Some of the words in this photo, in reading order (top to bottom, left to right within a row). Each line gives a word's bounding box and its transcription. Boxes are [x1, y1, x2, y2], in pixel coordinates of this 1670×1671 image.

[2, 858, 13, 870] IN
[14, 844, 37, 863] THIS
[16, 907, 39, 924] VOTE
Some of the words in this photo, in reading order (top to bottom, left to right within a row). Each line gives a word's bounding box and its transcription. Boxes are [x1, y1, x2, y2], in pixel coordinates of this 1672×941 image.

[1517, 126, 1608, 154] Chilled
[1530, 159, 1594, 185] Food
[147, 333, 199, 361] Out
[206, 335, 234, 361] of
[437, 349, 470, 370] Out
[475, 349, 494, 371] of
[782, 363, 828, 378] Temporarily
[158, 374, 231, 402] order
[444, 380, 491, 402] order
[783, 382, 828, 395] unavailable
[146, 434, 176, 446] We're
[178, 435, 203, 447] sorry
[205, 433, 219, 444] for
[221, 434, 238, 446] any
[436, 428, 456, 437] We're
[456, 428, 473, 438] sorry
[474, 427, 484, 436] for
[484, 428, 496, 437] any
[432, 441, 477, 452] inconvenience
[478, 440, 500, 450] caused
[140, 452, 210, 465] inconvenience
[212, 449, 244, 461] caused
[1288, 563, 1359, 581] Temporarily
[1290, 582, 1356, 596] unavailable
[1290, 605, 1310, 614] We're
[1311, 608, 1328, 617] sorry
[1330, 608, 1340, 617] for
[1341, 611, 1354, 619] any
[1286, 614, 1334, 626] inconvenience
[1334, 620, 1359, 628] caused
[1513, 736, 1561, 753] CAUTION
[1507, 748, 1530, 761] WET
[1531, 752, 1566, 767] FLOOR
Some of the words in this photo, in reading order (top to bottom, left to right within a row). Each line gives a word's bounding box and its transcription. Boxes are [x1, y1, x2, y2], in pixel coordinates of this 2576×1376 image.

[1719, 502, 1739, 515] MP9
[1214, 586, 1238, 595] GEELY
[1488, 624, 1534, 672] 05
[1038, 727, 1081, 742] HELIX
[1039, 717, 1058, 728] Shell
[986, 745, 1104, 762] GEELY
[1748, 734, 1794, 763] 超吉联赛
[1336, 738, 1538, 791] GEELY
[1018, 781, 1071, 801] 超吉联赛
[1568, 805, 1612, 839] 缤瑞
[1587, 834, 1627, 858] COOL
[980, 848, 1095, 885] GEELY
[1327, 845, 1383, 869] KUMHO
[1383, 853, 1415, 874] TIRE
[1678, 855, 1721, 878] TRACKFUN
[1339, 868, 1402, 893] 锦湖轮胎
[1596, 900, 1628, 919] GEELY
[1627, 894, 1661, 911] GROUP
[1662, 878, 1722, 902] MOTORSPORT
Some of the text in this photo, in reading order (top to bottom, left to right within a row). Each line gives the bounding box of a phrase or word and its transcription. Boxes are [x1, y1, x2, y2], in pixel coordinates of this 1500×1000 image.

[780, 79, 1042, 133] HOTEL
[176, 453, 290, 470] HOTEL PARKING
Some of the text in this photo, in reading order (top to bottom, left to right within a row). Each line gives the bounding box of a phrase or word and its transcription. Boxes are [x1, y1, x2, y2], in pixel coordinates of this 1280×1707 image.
————————
▶ **DIRECTIONS**
Copy every entry exactly as it is given.

▶ **WRITTEN ANSWER**
Some of the words in this photo, in reading order (top to bottom, left to right within a row). Each line gives a word's bounding box and its transcription. Boxes are [x1, y1, x2, y2], in pixel coordinates of this 1670×1671 image.

[2, 858, 13, 870] IN
[14, 844, 37, 863] THIS
[16, 907, 39, 924] VOTE
Some of the words in this photo, in reading order (top to bottom, left to right within a row). Each line gives a word's bounding box and its transcription. Boxes are [x1, y1, x2, y2], in pixel coordinates of this 1672×941 image.

[1517, 126, 1608, 154] Chilled
[1530, 159, 1594, 185] Food
[147, 333, 199, 361] Out
[206, 335, 234, 361] of
[437, 349, 470, 370] Out
[475, 349, 494, 371] of
[782, 363, 828, 378] Temporarily
[158, 374, 231, 402] order
[444, 380, 491, 402] order
[783, 382, 828, 395] unavailable
[146, 434, 176, 446] We're
[178, 435, 203, 447] sorry
[205, 433, 219, 444] for
[221, 434, 238, 446] any
[436, 428, 456, 437] We're
[456, 428, 473, 438] sorry
[474, 427, 484, 436] for
[484, 428, 496, 437] any
[432, 441, 477, 452] inconvenience
[478, 440, 500, 450] caused
[140, 452, 210, 465] inconvenience
[212, 449, 244, 461] caused
[1288, 563, 1359, 581] Temporarily
[1290, 582, 1356, 596] unavailable
[1290, 605, 1310, 614] We're
[1311, 608, 1328, 617] sorry
[1330, 608, 1340, 617] for
[1341, 611, 1354, 619] any
[1286, 614, 1334, 626] inconvenience
[1334, 620, 1359, 628] caused
[1513, 736, 1561, 753] CAUTION
[1507, 748, 1530, 761] WET
[1531, 752, 1566, 767] FLOOR
Some of the words in this photo, in reading order (top to bottom, left to right within a row). Each line gives a word's bounding box and its transcription. Boxes are [x1, y1, x2, y2], in pixel coordinates of this 2576×1376 image.

[1719, 502, 1739, 515] MP9
[1214, 586, 1238, 595] GEELY
[1488, 624, 1534, 672] 05
[1038, 727, 1081, 742] HELIX
[1039, 717, 1058, 728] Shell
[986, 745, 1104, 762] GEELY
[1748, 734, 1794, 763] 超吉联赛
[1336, 738, 1538, 791] GEELY
[1018, 781, 1071, 801] 超吉联赛
[1568, 805, 1612, 839] 缤瑞
[1587, 834, 1627, 858] COOL
[980, 848, 1095, 885] GEELY
[1327, 845, 1383, 869] KUMHO
[1383, 853, 1415, 874] TIRE
[1678, 855, 1721, 878] TRACKFUN
[1339, 868, 1402, 893] 锦湖轮胎
[1596, 900, 1628, 919] GEELY
[1627, 894, 1661, 911] GROUP
[1662, 878, 1722, 902] MOTORSPORT
Some of the text in this photo, in reading order (top to bottom, left to right within a row). Each line gives the bounding box of a phrase or word and its transcription. Boxes are [x1, y1, x2, y2], in pixel coordinates of this 1500×1000 image.

[780, 79, 1042, 133] HOTEL
[176, 453, 290, 470] HOTEL PARKING
Some of the text in this photo, in reading order (top to bottom, left to right within a row). Each line gives the bounding box of a phrase or word and its transcription. Boxes are [x1, y1, x2, y2], in pixel coordinates of this 1280×1707 image.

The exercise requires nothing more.